俺、日本にいるはずの両親なんか、本当どうでもいいのに。というか、ほぼ忘れているし。ろくな思い出もない。なんかしてもらった記憶が、ない。そりゃ世話にはなっただろうけど、感謝とか親愛とか、そうゆうのは皆無だ。
でも、じいさんは、なんか、たった2日くらいの付き合いだったが、すごくよくしてくれた。寄り添ってくれた。

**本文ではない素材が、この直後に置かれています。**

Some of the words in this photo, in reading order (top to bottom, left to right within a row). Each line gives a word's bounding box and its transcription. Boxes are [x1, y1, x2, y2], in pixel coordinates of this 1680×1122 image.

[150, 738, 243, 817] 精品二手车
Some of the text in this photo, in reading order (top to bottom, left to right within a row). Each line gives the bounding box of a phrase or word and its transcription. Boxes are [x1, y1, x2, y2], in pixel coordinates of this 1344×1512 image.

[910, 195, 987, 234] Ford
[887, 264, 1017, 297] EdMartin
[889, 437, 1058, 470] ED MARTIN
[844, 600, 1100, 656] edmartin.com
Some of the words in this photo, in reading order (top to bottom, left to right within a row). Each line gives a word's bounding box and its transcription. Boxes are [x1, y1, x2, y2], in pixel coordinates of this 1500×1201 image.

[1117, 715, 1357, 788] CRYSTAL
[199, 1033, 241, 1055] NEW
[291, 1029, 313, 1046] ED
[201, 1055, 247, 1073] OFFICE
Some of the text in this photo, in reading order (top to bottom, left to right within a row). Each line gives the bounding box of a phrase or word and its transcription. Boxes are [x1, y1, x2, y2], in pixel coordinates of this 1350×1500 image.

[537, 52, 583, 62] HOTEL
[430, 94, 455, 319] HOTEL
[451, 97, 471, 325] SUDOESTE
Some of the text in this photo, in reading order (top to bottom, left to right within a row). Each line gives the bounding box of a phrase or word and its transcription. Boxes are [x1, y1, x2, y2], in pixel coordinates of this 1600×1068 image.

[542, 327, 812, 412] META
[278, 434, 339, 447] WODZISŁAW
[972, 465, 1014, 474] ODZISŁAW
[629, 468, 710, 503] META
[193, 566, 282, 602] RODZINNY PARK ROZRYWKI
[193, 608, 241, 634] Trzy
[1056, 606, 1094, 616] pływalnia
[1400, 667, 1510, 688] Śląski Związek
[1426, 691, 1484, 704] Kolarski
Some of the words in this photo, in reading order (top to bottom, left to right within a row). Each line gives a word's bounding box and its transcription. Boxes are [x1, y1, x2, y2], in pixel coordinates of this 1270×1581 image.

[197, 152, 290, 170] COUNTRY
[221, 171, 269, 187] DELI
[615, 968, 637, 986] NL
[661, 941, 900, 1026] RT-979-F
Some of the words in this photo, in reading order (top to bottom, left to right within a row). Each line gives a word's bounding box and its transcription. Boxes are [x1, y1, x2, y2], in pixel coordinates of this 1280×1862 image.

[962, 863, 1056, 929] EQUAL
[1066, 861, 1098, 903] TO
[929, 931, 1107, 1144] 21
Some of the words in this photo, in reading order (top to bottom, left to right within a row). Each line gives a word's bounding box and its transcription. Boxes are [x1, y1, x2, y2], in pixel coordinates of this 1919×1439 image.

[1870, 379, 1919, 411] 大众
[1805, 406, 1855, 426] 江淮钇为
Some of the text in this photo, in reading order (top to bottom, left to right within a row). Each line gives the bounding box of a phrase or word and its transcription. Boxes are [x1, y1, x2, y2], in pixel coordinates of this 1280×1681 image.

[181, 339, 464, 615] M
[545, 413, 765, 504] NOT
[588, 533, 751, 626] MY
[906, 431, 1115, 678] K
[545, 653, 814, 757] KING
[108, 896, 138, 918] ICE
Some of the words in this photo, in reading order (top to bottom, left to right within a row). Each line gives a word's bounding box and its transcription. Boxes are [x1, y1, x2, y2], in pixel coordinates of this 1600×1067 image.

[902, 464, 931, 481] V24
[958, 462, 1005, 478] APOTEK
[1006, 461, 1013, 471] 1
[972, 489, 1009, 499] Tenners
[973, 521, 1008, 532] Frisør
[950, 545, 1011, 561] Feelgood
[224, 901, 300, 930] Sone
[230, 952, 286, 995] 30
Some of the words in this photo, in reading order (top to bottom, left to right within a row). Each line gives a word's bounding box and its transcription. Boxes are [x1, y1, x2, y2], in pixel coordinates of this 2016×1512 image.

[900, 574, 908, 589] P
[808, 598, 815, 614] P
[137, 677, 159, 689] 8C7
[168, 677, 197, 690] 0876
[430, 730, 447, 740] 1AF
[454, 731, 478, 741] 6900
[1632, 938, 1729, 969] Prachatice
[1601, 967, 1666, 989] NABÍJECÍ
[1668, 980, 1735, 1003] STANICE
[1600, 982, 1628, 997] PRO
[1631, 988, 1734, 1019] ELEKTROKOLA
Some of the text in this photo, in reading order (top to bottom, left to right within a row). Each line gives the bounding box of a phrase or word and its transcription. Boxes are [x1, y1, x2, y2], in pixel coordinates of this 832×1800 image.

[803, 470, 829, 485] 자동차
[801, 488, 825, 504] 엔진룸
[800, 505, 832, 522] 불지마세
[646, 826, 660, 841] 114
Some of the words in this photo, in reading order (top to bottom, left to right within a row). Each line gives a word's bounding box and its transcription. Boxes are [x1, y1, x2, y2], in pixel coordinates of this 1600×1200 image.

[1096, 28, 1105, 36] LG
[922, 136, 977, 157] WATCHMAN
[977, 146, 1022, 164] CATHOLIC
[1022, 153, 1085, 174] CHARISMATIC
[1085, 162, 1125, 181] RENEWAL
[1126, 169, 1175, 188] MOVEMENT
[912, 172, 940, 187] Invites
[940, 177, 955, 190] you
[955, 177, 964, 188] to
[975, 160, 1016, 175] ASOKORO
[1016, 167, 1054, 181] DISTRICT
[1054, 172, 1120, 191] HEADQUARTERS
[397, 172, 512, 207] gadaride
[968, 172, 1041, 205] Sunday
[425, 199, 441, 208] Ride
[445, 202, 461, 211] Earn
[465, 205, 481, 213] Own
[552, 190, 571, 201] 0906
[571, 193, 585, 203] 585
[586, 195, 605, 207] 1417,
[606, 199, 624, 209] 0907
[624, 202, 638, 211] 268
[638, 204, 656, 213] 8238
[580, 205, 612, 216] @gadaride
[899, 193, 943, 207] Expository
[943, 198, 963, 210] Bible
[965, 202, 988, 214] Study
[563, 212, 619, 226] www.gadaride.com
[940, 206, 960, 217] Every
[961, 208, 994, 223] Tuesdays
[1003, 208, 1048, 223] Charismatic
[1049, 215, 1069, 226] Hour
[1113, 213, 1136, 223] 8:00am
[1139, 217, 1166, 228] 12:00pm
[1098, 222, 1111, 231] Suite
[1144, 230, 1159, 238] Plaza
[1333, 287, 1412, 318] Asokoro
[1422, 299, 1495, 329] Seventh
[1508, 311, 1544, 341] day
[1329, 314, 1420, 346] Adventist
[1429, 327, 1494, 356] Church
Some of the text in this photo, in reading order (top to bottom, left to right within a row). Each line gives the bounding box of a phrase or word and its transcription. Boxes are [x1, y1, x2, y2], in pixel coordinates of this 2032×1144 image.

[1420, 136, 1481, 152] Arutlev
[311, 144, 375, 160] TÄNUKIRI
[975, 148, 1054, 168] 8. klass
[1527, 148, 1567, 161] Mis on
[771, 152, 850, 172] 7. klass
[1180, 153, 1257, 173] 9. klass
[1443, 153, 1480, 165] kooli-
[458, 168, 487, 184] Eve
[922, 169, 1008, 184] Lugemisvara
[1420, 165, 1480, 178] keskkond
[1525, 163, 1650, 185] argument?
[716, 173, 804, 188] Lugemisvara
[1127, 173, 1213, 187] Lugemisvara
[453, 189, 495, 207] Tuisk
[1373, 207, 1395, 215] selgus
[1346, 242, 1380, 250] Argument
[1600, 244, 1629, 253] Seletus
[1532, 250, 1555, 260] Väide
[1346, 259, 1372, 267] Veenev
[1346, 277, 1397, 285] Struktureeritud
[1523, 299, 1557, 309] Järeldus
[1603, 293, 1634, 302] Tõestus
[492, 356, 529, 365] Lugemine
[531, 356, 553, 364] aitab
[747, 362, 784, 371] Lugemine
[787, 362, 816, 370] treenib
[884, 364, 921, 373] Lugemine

心から感謝している。出会えてよかった。ただただ優しくしてくれた、こんな俺に。
もっとちゃんと話してもよかった気がする。
なんかかしこまりすぎて、ぎこちない会話だった気がする。
そんな後悔も湧き上がってきたが、それ以上に心から感謝の感情が溢れてくる。
これからも、本当の父親と思いたい。
「ありがとう、お父さん。」
俺は、お父さんの後ろ姿を見送りながら、そう呟いた。
心が満たされていく。
暖かく、そして力強いものが、身体の隅々まで満ちていった。
これが感謝の念なのか、お父さんには心から幸せになって欲しい、と思う。
俺はただ静かに祈った。
お父さんの姿が、完全に雑踏に消えた。
俺は俺のやるべきことを始めなければならない。
なんだっけ、キョードーシャ?として就職するのだ。
まずは、教会を目指そう。
教会に行くのは、すごく簡単である。
めちゃくちゃ目立つ建物がある。あれが、間違いなく教会である。金ピカの鐘もついてる。
ちょっと違うが、ゆく年くる年のアレである。
あの偉そうな建物を目指して、とにかく歩いていけばいいのだ。
人が多い。
そして、壊れた建物も多い。もちろん戦争の影響だろう。
でっかい石でも投げ込まれたようだ。危ないね、本当。
これなら、新人大工のお父さんも職にあぶれることはないだろう。
でも、随分お歳だから無理はしないでほしい。
みんな忙しそうだ。
なんかして働いている。
活気があっていいね。
お。うまそうなリンゴが売っている。
食べたい。
しかし、俺はまだこの世界の金を見たことすらない。
前世も今世も、俺はお金には縁がなさそうだ。でもリンゴ、食べたいな。
などとぐずぐず考えていると、アホほどデカイ建物の前に着いた。
間違いなく教会っぽい外観だ。そして、デカイ。
どこをどう考えても、かなりの資金が投入されているだろう。
外壁ひとつとっても、キラキラしている。
そこらへんのレンガ建物と比べたら、確かに神がかっている。
こんなところに就職したら、いっぱいお金もらえるのだろうか?
というか、俺、こんなボロ布まとって、人生(前世、今世通算)初めての就活するの?